Tue 10 August 2021 | 7:30

In the following article, we are going to take a look at the best English managers of all time. Managers who knew the ways of winning and in addition to that, they changed the whole game with their unique ideas.

England has one of the richest histories in football; and since they were the people who invented the beautiful game, it is no surprise. From the very beginning the managers who coached the teams was recognized as one of the key parts of the game. No matter how good the footballers on the pitch are, you just can’t win trophies without a decent manager who knows how to arrange the team and help the individuals to reach to their highest potential. That is why we decided to take a look at

the 10 greatest ever English football managers

in today’s article at Sportmob.

As you may know, England did not manage to win trophies on national level except for one World Cup in 1966. But don’t let that fact trick you, despite their failures on national football, England domestic league has always been one of the top football leagues in the world which attracted the best of the best. That’s the reason why there are so many English managers amongst the best managers of all time in the football history. So if you are interested to get familiar with

the best English managers of all time

, we got you covered.

Who Are The 10 Greatest Ever English Football Managers?

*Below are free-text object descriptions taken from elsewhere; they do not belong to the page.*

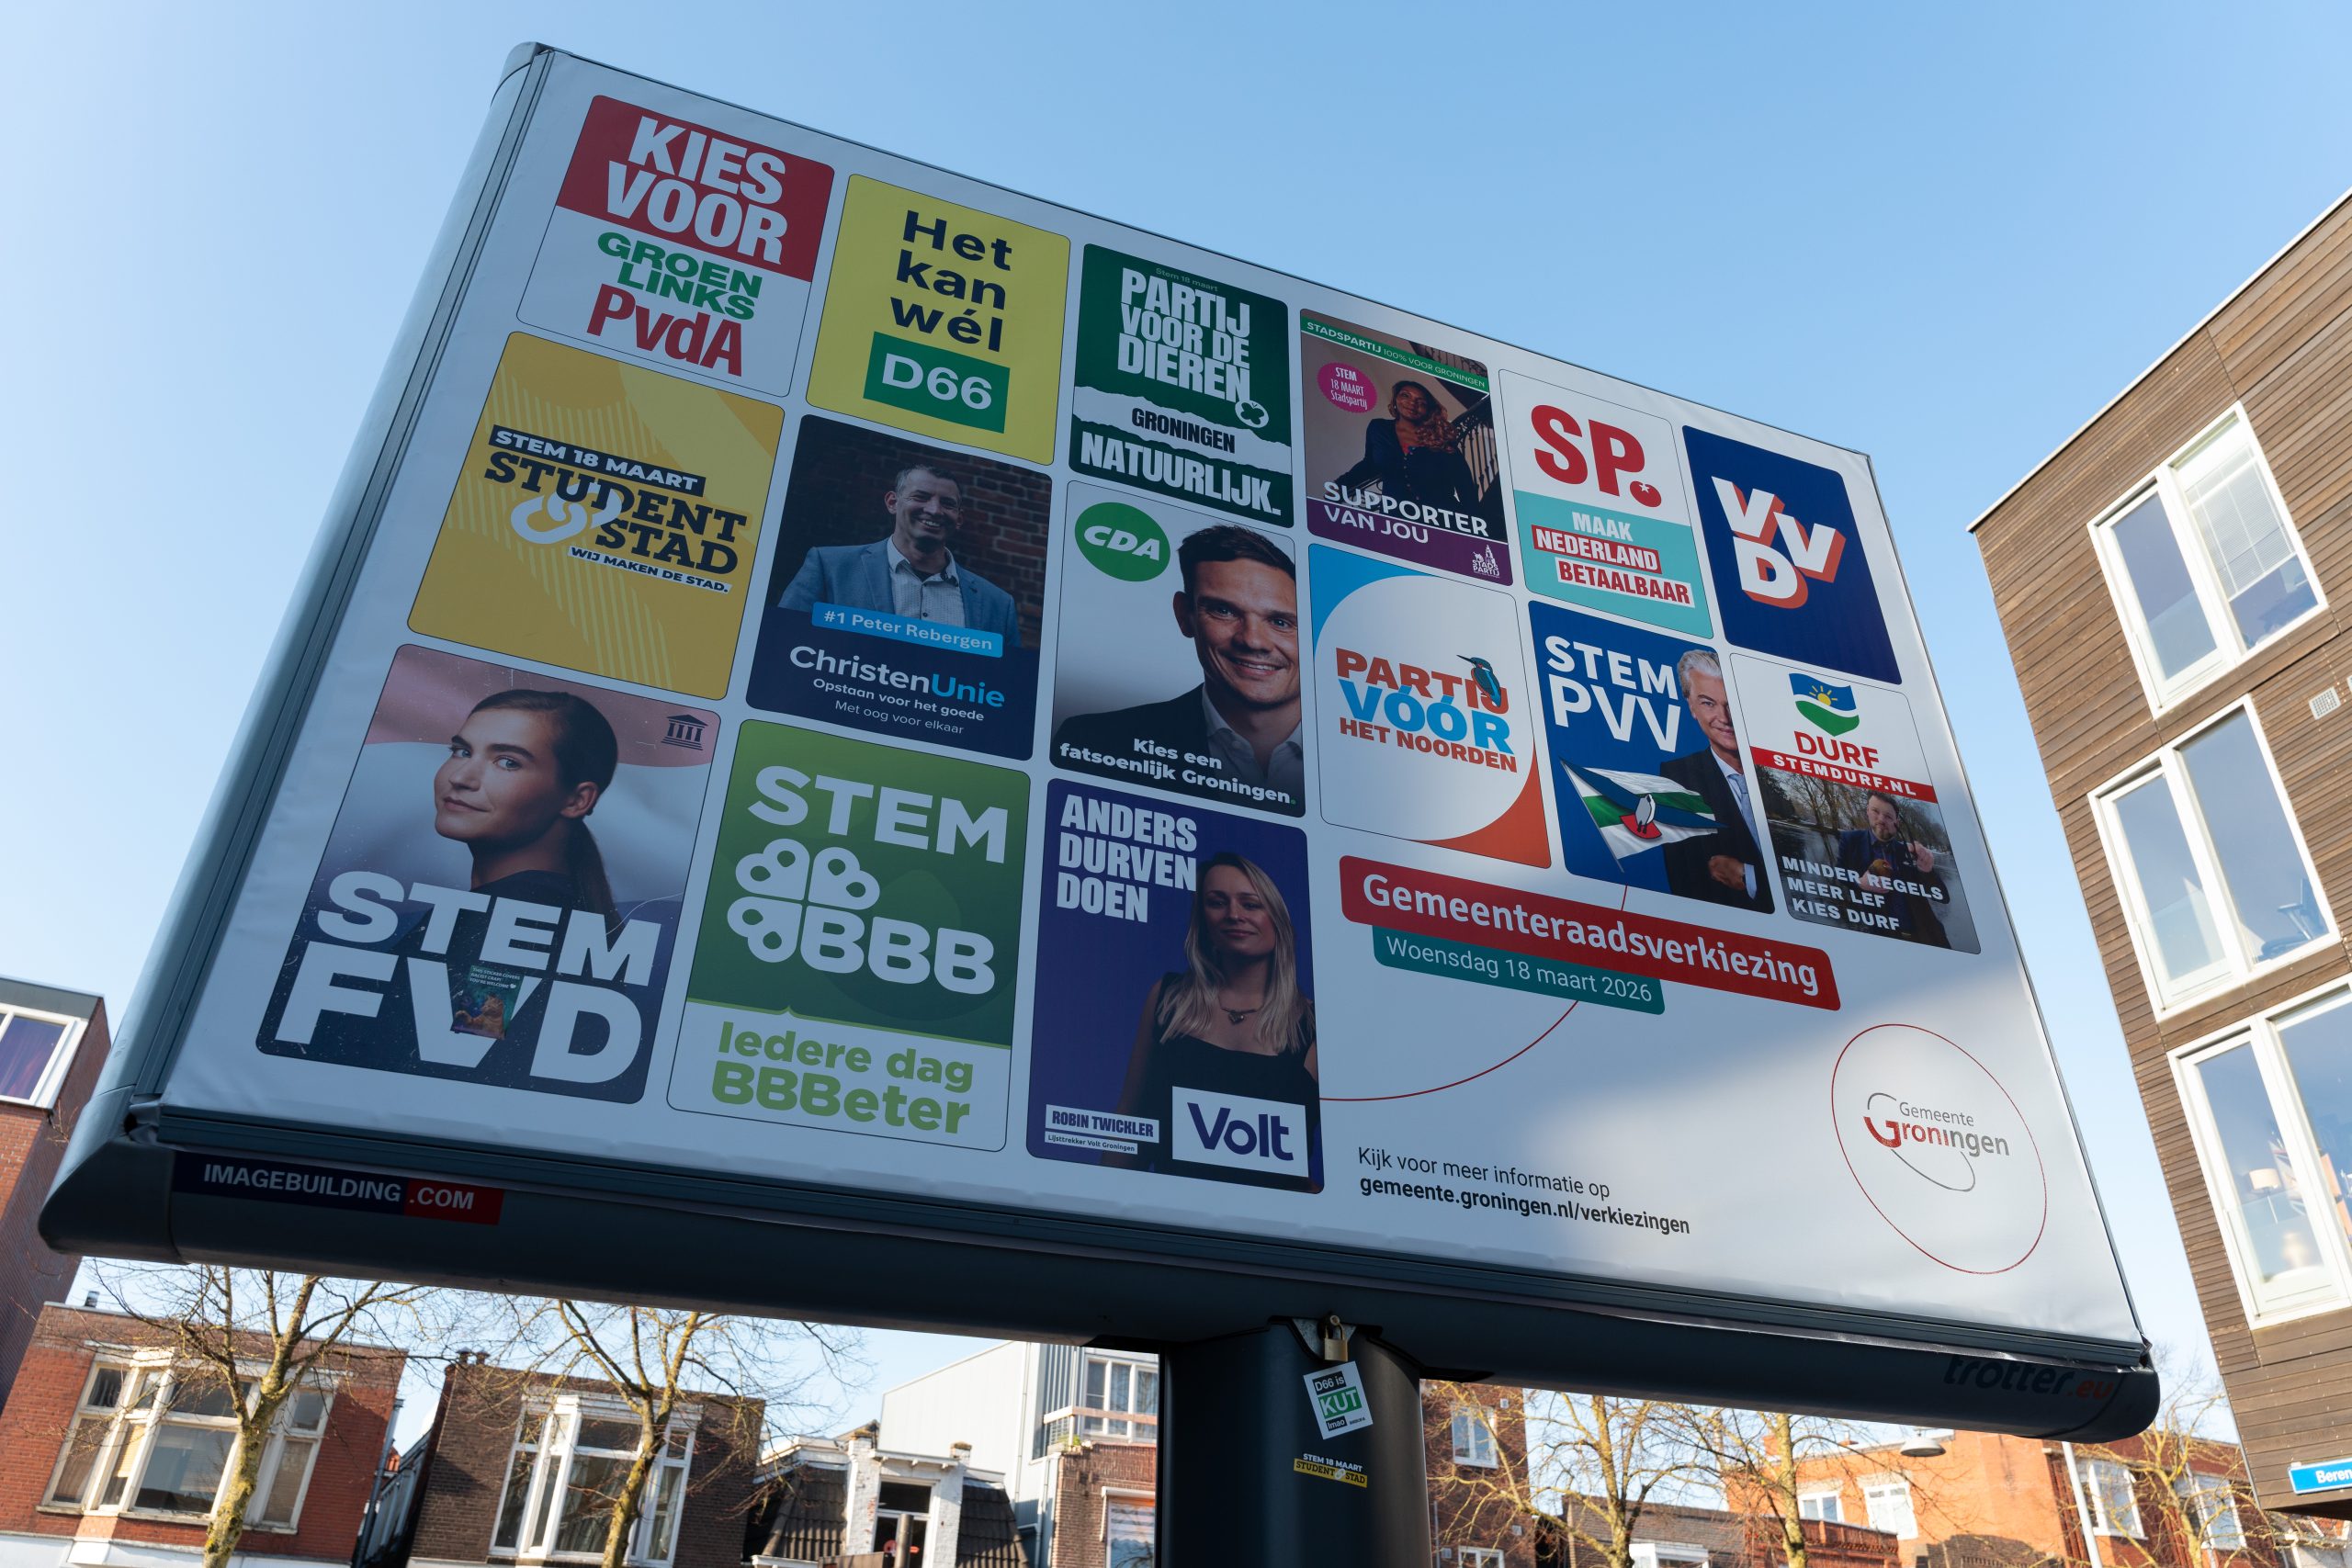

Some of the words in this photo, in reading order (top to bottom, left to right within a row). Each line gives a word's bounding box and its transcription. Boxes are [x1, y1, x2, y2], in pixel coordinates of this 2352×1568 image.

[628, 116, 786, 204] KIES
[607, 161, 787, 265] VOOR
[903, 209, 1012, 271] Het
[598, 232, 762, 298] GROEN
[617, 262, 755, 320] LINKS
[897, 249, 1006, 310] kan
[1156, 268, 1179, 279] Stem
[1193, 280, 1218, 291] maart
[890, 297, 1002, 352] wél
[1121, 267, 1250, 338] PARTIJ
[587, 284, 741, 377] PvdA
[1121, 303, 1203, 355] VOOR
[1213, 330, 1250, 369] DE
[1307, 322, 1381, 353] STADSPARTIJ
[1384, 349, 1407, 362] 100%
[1408, 358, 1432, 370] VOOR
[1435, 367, 1485, 388] GRONINGEN
[882, 353, 991, 409] D66
[1118, 333, 1250, 403] DIEREN
[1331, 379, 1339, 389] 18
[1341, 382, 1363, 396] MAART
[1336, 367, 1356, 381] STEM
[1331, 390, 1367, 410] Stadspartij
[1132, 408, 1235, 454] GRONINGEN
[495, 431, 567, 459] STEM
[573, 449, 599, 467] 18
[605, 458, 697, 490] MAART
[1081, 432, 1281, 515] NATUURLIJK.
[484, 452, 747, 543] STUDENT
[1324, 506, 1374, 531] VAN
[1381, 520, 1429, 543] JOU
[1325, 481, 1488, 537] SUPPORTER
[595, 519, 738, 574] STAD
[1084, 526, 1159, 560] CDA
[1535, 529, 1657, 571] NEDERLAND
[1572, 511, 1632, 541] MAAK
[571, 547, 600, 561] WIJ
[604, 556, 658, 576] MAKEN
[662, 569, 683, 581] DE
[686, 576, 729, 592] STAD.
[1473, 560, 1498, 570] STADS
[1474, 566, 1499, 576] PARTIJ
[1558, 560, 1690, 604] BETAALBAAR
[823, 610, 845, 625] #1
[853, 614, 900, 634] Peter
[906, 625, 992, 649] Rebergen
[790, 646, 1005, 707] ChristenUnie
[1336, 648, 1509, 715] PARTIJ
[1545, 636, 1680, 700] STEM
[813, 678, 875, 700] Opstaan
[878, 694, 910, 707] voor
[914, 700, 936, 713] het
[941, 705, 984, 721] goede
[835, 700, 861, 715] Met
[864, 707, 888, 722] oog
[893, 714, 921, 726] voor
[925, 719, 964, 734] elkaar
[1549, 673, 1680, 752] PVV
[1134, 739, 1178, 760] Kies
[1184, 752, 1222, 769] een
[1340, 717, 1390, 743] HET
[1396, 730, 1517, 773] NOORDEN
[1794, 731, 1879, 769] DURF
[1060, 743, 1176, 780] fatsoenlijk
[1182, 770, 1296, 805] Groningen.
[1773, 755, 1917, 795] STEMDURF.NL
[748, 765, 1008, 863] STEM
[1060, 795, 1197, 852] ANDERS
[1058, 832, 1196, 892] DURVEN
[1781, 856, 1862, 883] MINDER
[1867, 874, 1943, 900] REGELS
[1057, 872, 1148, 923] DOEN
[1787, 877, 1842, 899] MEER
[1849, 892, 1884, 908] LEF
[1792, 898, 1840, 919] KIES
[1848, 909, 1900, 931] DURF
[317, 871, 662, 986] STEM
[800, 905, 995, 995] BBB
[1363, 874, 1819, 997] Gemeenteraadsverkiezing
[1386, 936, 1499, 979] Woensdag
[1505, 960, 1530, 980] 18
[1537, 968, 1598, 993] maart
[1601, 978, 1653, 1002] 2026
[276, 941, 642, 1083] FVD
[718, 1021, 872, 1073] Iedere
[886, 1048, 973, 1093] dag
[712, 1060, 970, 1134] BBBeter
[1052, 1111, 1089, 1128] ROBIN
[1091, 1116, 1153, 1137] TWICKLER
[1899, 1102, 1974, 1127] Gemeente
[1048, 1135, 1086, 1145] Lijsttrekker
[1102, 1142, 1135, 1152] Groningen
[1188, 1102, 1294, 1161] Volt
[1863, 1116, 2009, 1156] Groningen
[1359, 1147, 1393, 1170] Kijk
[1396, 1156, 1437, 1174] voor
[1443, 1162, 1488, 1181] meer
[1494, 1166, 1584, 1194] informatie
[1589, 1181, 1610, 1200] op
[1360, 1177, 1690, 1235] gemeente.groningen.nl/verkiezingen
[1315, 1378, 1334, 1391] D66
[1335, 1376, 1345, 1385] is
[1320, 1389, 1357, 1416] KUT
[1943, 1356, 2113, 1400] trotter.eu
[1328, 1419, 1345, 1429] lmao
[1296, 1461, 1335, 1476] STUDENT
[1346, 1473, 1365, 1483] STAD
[1303, 1453, 1324, 1463] STEM
[1336, 1461, 1363, 1472] MAART

In the following passages we reviewed the profiles of

the 10 greatest ever English football managers

and the route they take to make their way to become one of the best English managers of all time. But before we get to that, let’s have a quick look at our shortlist of the 10 greatest British football managers of all time:

  • Ron Atkinson

  • Roy Hodgson

  • Kevin Keegan

  • Sir Alf Ramsey

  • Herbert Chapman

  • Harry Redknapp

  • Bob Paisley

  • Sir Matt Busby

  • Sir Bobby Robson

  • Brian Clough 

Ron Atkinson

Ronald Frederick Atkinson as known as Ron was born on March 18th 1939 in Liverpool, England. Atkinson spent his entire footballing career at Oxford United and not long after hanging up his boots, he started his coaching career at the age of 32. After managing some lower division clubs, in 1978 Ron Atkinson fined the chance to manage a First Division side which was West Bromwich Albion. Ron Atkinson was the first manager ever who chose to play with three Centre Backs formation regularly in the league. That was the cornerstone of his success at West Bromwich in the next years.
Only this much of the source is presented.